Bus eventually arrives, and note with bitterness that while I have been standing at the stop all alone, five fellow passengers run up just before bus's appearance. Wonder if they have been hiding inside nearby Georgian mansions, peeping through the windows to see if bus is coming, and doubtless laughing at self stuck in drizzle and gazing miserably at unreachable tea mug.
Attain seat on bus, and feel better. Jounrey immediately made less pleasant by woman sitting two seats in front of me, who possesses both an extraordinarily loud voice and a bizarre mid-Atlantic accent. Can't figure out whether she is an American who has lived in Ireland for years, or, what is more likely, an Irish woman who thinks it's somehow cool to adopt a fake American accent.

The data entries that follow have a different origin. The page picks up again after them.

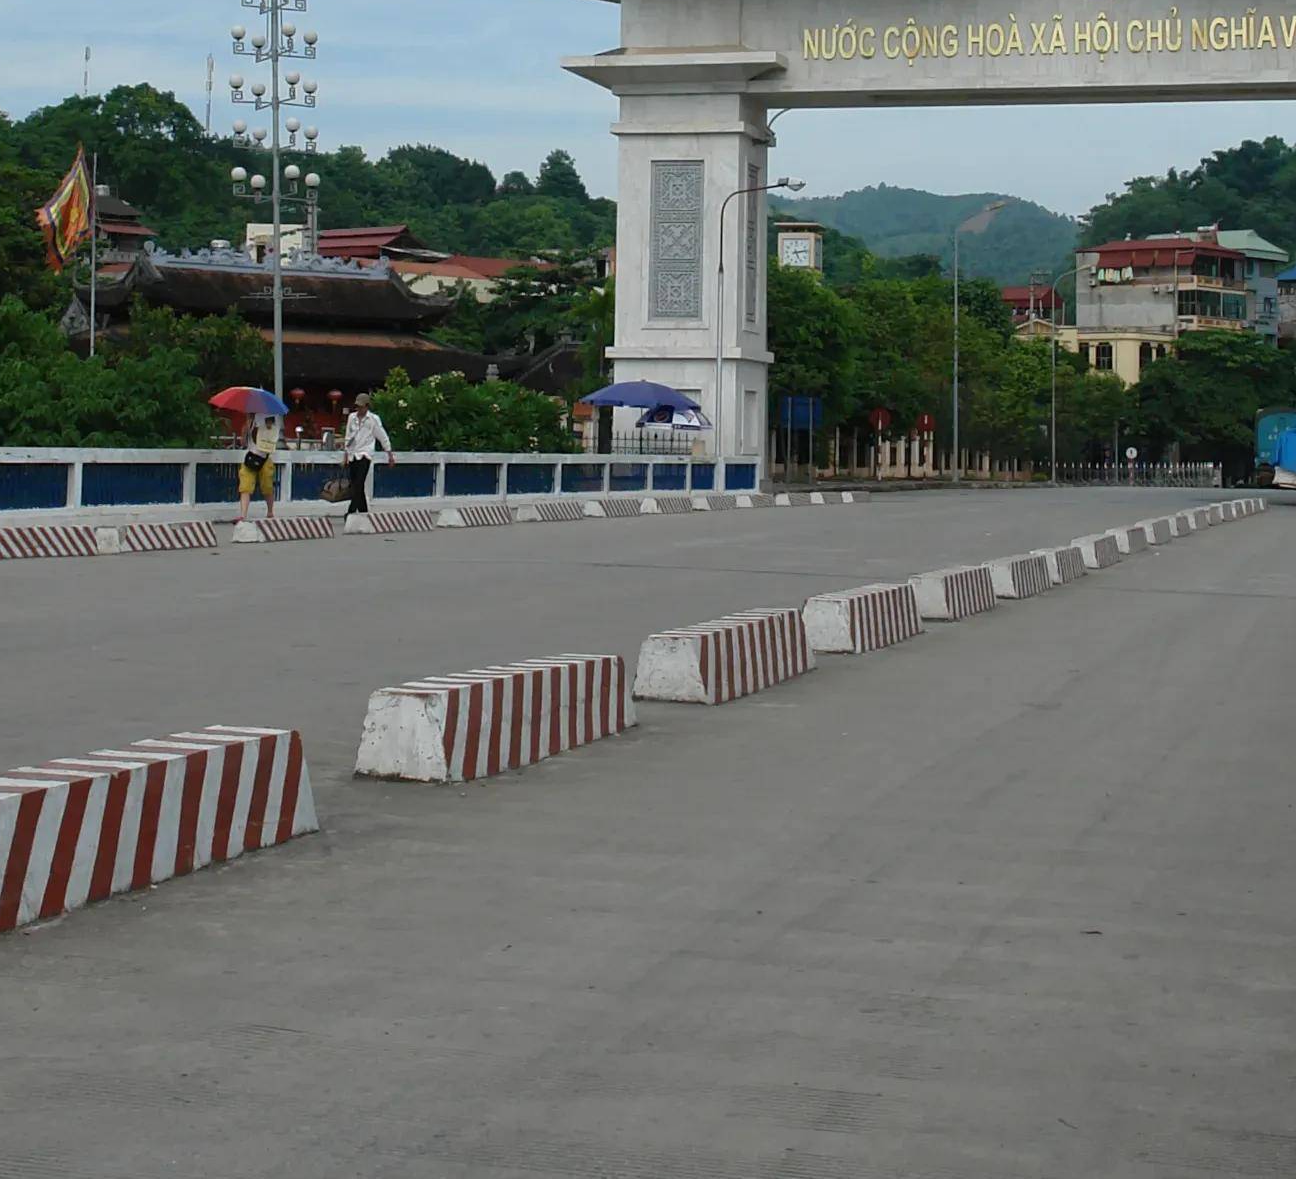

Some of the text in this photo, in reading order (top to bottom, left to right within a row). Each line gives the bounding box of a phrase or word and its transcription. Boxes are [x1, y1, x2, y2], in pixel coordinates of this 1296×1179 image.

[803, 18, 876, 60] NƯỚC
[883, 17, 960, 66] CỘNG
[967, 13, 1025, 57] HOÀ
[1029, 14, 1068, 55] XÃ
[1074, 11, 1119, 62] HỘI
[1126, 6, 1182, 53] CHỦ
[1191, 8, 1277, 51] NGHĨA

Woman talks at top volume on mobile phone for about 45 minutes. Much of her convrsation is devoted to her new house in the suburb of Shankhill, which, she admonishes the person on the other end of the phone, is not pronounced 'Shon -kill' (query: why would it be?). Become inreasonably irritated by woman and her house, and feel great relief when, at long last, Cabinteely is reached, and I leap from the bus, after a moment's conversation with bus driver re: tea mug (he approves). Trot round corner to the fancy housing estate where the Boy resides and decide to cut across large green adjoining the main road. Discover about three seconds after stepping across large green that it is almost entirely composed of mud following heavy rains. As it is almost pitch dark, I hadn't noticed this. Debate going backwards, but as I've already taken a few steps and it is much shorter, decide to press grimly onwards.
Other side of green reached, but lower limbs are unpleasantly bedecked in mud, and wish I'd just gone the long way. Arrive at Boy's house, and after affectionate greeting we descend to childish (but goodwilled) argument over who is going to go round to the Chinese takeaway. As I did it last time, the Boy goes round, and a feast ensues, followed by about two straight hours of extraordinarily bad television, accompanied by loud vocal mockery.
Evening ends with prolongued debate between self, Boy, and Boy's brother, over whether we feel any personal connection with the denizens of Northern Ireland. Consenus is that of course we should, having benefited from a decision (Partition) that left them in turmoil, but in actual fact none of us do at all, so we all go to bed feeling somewhat guilty.